Анакин вскинул голову:
— Покой. Маленькое гнёздышко тепла и света посреди океана враждебной тьмы, — он рассмеялся сквозь зубы. — Поэтически, но верно. Дело же в том — что для меня — там, в океане — свобода. Именно за неё я дерусь. Чтобы перестать ограничивать себя. Кастрировать, смущаться. Чтобы однажды суметь войти в неё — и пить, и напиться. Ведь ей даже не объяснишь, чего лишил меня Орден. Она не в состоянии понять. Потому что не слышит. Это же из раздела мистического идиотизма. Да, Орден меня лишил: возможности полноценной семьи, политических прав, независимости, свободы выбора в этом… в профессиональном и личном плане… Я как-то пытался объяснить, она не воспринимает. Что Орден отсекает меня от того, чему нет описания в материальном мире. От этого океана свободы и тьмы. Совершенно дикая стихия, в которую я хочу войти и которой я хочу стать. Не те куцые экзерсисы смущенного общения с Силой. Самому стать стихией. Властью. Волей. Волной. Накрыть мир, влиться. Не раствориться, не подчинить. Стать… соприродным… — он рассмеялся вновь, глядя на лицо Палпатина. — Ну да, что я вам объясняю. А у неё при моих попытках появляется на лице такое выражение: чем бы дитя… Глупое такое. Наверно, так же снисходительно смотрят на поэтов, художников, бойцов, бродяг. Какого хрена? Это — не дело. Это так. Ребяческая фигня. Вот то, что я собираюсь командовать флотом — это серьёзно, — он всё-таки вскочил. — То, что я смог бы управлять государством — это серьёзно. Отец и семьянин — это серьёзно. А мои уплывы в океан тьмы — да ладно, мальчик, ты излечишься скоро от этого! Слепая дура.
Он сел.
— Конечно, слепая, — спокойно ответил Палпатин. — Сознательно слепая, мой мальчик. Чтобы она там ни говорила — но в эту область ей путь закрыт. Она никогда не сможет разделить её с тобою. И потому никогда не позволит тебе туда идти. Везде, где — не она. Такая ловушка разума, Анакин. Она не хочет тебя отпускать.
— Знаю…
— Знаешь? А что ты тогда знаешь о том, что она может сделать для того, чтобы тебя привязать? По-настоящему, за самые кишки?
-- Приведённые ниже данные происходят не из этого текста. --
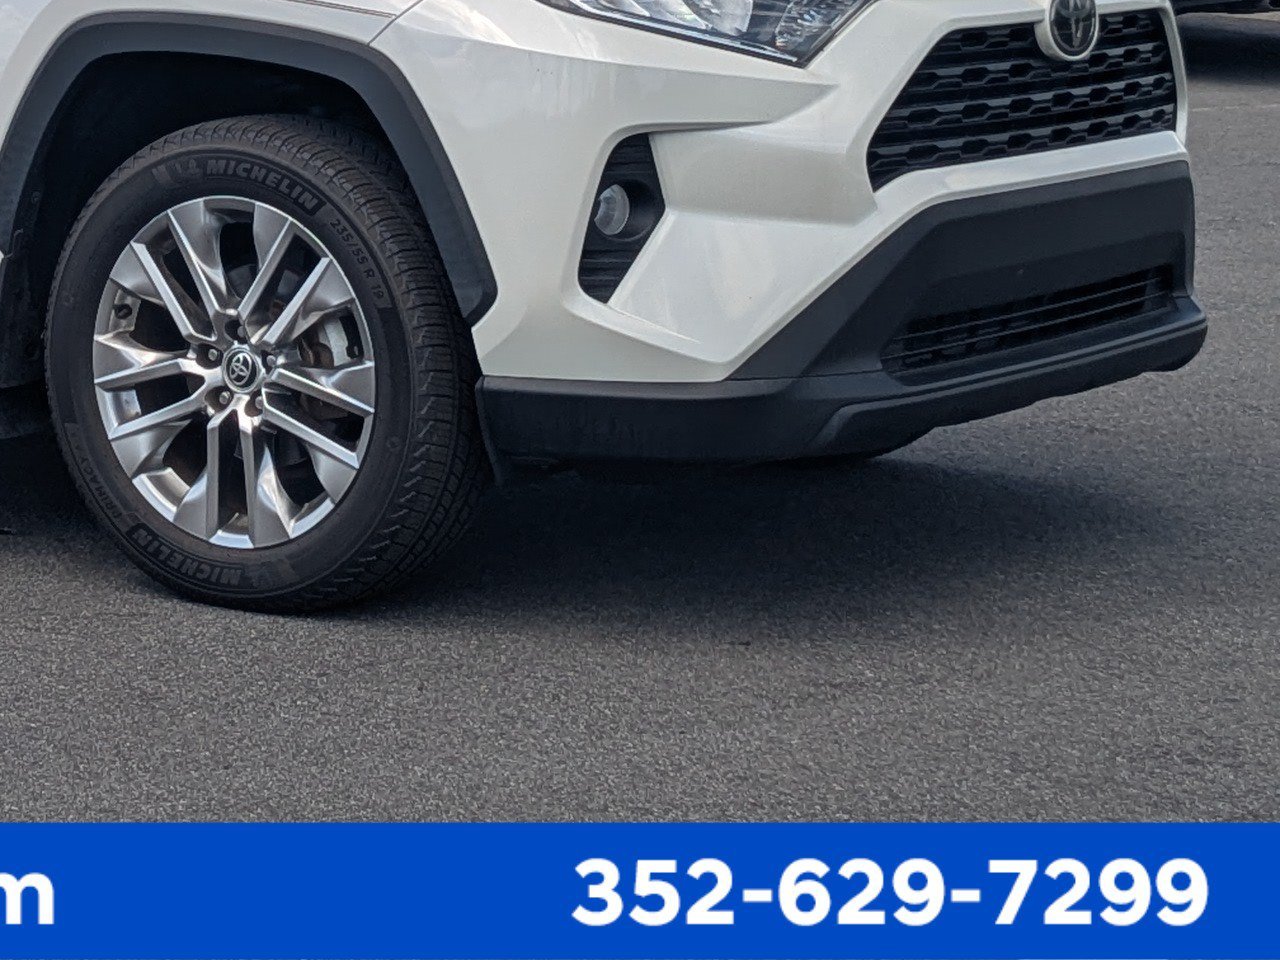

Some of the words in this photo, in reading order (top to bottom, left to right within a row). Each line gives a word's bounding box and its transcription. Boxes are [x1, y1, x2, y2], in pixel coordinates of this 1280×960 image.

[206, 159, 321, 212] MICHELIN
[330, 219, 368, 264] 235/55
[131, 527, 242, 586] MICHELIN
Анакин смотрел на канцлера — будто впервые видел.
— Знаешь, — удовлетворённо кивнул Палпатин. — Вижу, что знаешь.
— Она сказала, — блеклый голос, — что хочет, чтобы у неё были дети…
— Да.
— Но…
— Что ты почувствуешь, если она скажет тебе, что беременна?
— Она не может быть беременна!.. — вскочил, отлетело кресло.
— Анакин, ты что?..
— Или может?
Он сжал кулаки.
— В чём дело?
— Не знаю, — ответил Анакин. — Не знаю. Она утверждает, что предохраняется. Причём сама настояла на том, чтобы предохранялась именно она. И в последний месяц… — он стал смеяться. — Я болван.
Резко развернулся, показывая канцлеру напряжённую спину.
— Анакин.
— Да? — он ответил через плечо.
— Хорошо, что ты подумал об этом сейчас. А не тогда, когда она тебе об этом скажет.
Анакин повернул голову. Лицо его было усталым. Злым. Злым и усталым.
— Зачем? — спросил он. — Зачем ей это?
— Это любовь, — развёл руками канцлер. — Та, которая…
…долготерпит, милосердствует, не завидует, не превозносится, не гордится, не бесчинствует, не ищет своего, не раздражается, не мыслит зла, не радуется неправде, а сорадуется истине, всё покрывает, всему верит, всего надеется, всё переносит…
— Что это? — спросил Анакин.
…не перестанет никогда…
— Не знаю, — ответил канцлер. Теперь его лицо было напряжённым и усталым. — Мы же с тобой одарённые, мой мальчик. Я всю жизнь ощущаю и слышу что-то, чему порой так и не могу найти ни объяснения, ни причины.
…никогда не перестанет, хотя и пророчества прекратятся, и языки умолкнут, и знание упразднится. Ибо мы отчасти знаем, и отчасти пророчествуем, когда же настанет совершенное, тогда то, что отчасти, прекратится…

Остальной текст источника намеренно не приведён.